Partner Channing Blake

Queer Places:
Art Students League of New York, 215 W 57th St, New York, NY 10019
Columbia University (Ivy League), 116th St and Broadway, New York, NY 10027
Dai-Ichi Hotel, 1 Chome-2-6 Shinbashi, Minato-ku, Tōkyō-to 105-8621, Japan
New-York Historical Society Museum & Library, 170 Central Park West, New York, NY 10024
Odessa Street Beach Pavilion, Odessa St, Santa Rosa Beach, FL 32459
Pratt Institute, 200 Willoughby Ave, Brooklyn, NY 11205
Robert C. Wiley House, Sleepy Hollow Rd, New Canaan, CT 06840
Southern Alleghenies Museum of Art, Franciscan Way, Loretto, PA 15940

Roger C. Ferri (December 13, 1949 – November 20, 1991) was an architect known for his theories about integrating nature into buildings.

Ferri grew up in Wantagh, L.I. He was trained in classical painting before entering architecture school at the Pratt Institute, where he received his Bachelor of Architecture degree in 1972. He continued to study classical painting, figure drawing and anatomy, primarily at the Art Students League in Manhattan. Ferri also taught freehand drawing for architects at Columbia University and had been a consultant on curriculum to the School of Architecture at the University of Miami, where he also served as a visiting design critic.

From 1984 through 1986, he was a vice president and design principal of Welton Becket Associates in New York. During his time there, he designed more than $2 billion in construction, including the Dai-Ichi Hotel in Tokyo, mixed-use developments, housing and office buildings. In 1987, he opened his own firm, Roger Ferri Architect, and returned largely to small-scale work, designing a variety of houses and apartments.

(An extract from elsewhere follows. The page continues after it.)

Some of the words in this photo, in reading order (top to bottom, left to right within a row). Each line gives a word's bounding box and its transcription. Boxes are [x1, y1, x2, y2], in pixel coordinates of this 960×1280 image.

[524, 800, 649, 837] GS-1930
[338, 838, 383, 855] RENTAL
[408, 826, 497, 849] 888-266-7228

Ferri also transformed an old gymnasium in Loretto, Pa., into the Southern Alleghenies Museum of Art and restored the conservation and permanent storage facilities of the New-York Historical Society in Manhattan. He also designed the installation of the society's Tiffany glass collection.

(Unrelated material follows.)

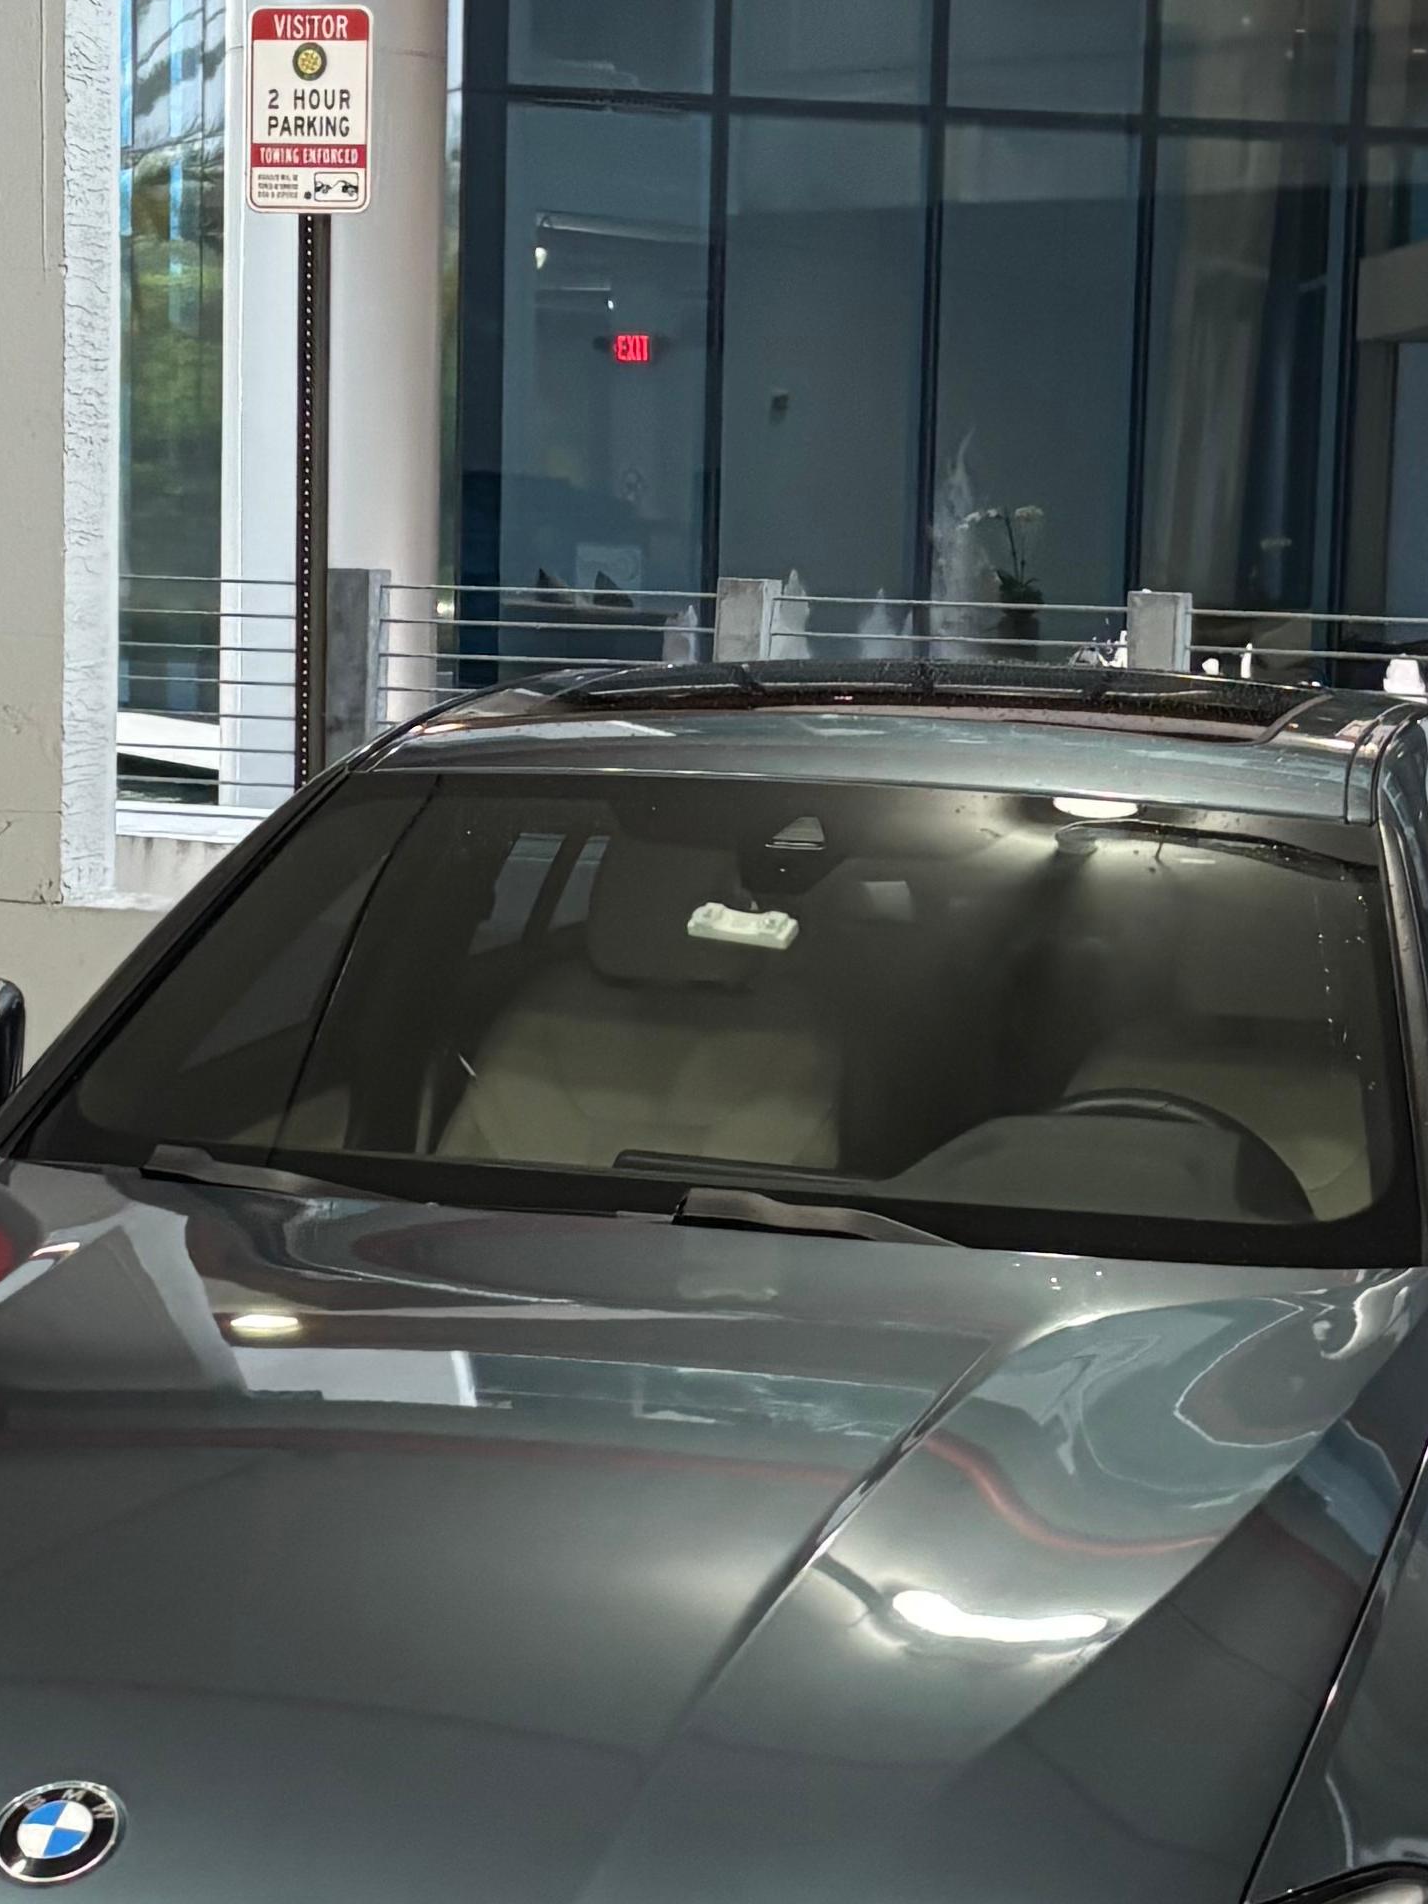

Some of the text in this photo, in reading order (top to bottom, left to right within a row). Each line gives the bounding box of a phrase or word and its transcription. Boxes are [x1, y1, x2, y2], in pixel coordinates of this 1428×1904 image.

Ferri was best known for his theories about the integration of nature and architecture. One of his most ambitious schemes, widely published but never built, was a proposal for a 44-story glass skyscraper in Manhattan that included a series of terraces and setbacks with huge gardens and rocky landscapes. A house he built on Fire Island sits on a trellis base and was designed to seem as though the house itself were a balcony overlooking the ocean.

In 1979, Ferri was commissioned by the Museum of Modern Art to present a visionary scheme for a pedestrian city as an afterword to "Transformations in Modern Architecture," a large exhibition tracing 20 years of contemporary design trends. Ferri's design, titled "A Proposal for an American Architecture and Urbanism in the Post Petroleum Age," included a dome surrounded by a series of "Hypostyle Courtyards" that were halls in the shape of giant lilies 42 feet high.

"He recognizes the great gap between what the public want in their buildings and what most architects are giving them," wrote Colin Amery, architecture critic of The Financial Times in London. "It is time, he feels, and most critics would agree, for a new Renaissance."

He died in the New Milford Hospital, New Milford, Conn. He was 42 years old. He died of AIDS, said Channing Blake, his longtime companion and heir of Friendly's Ice Cream.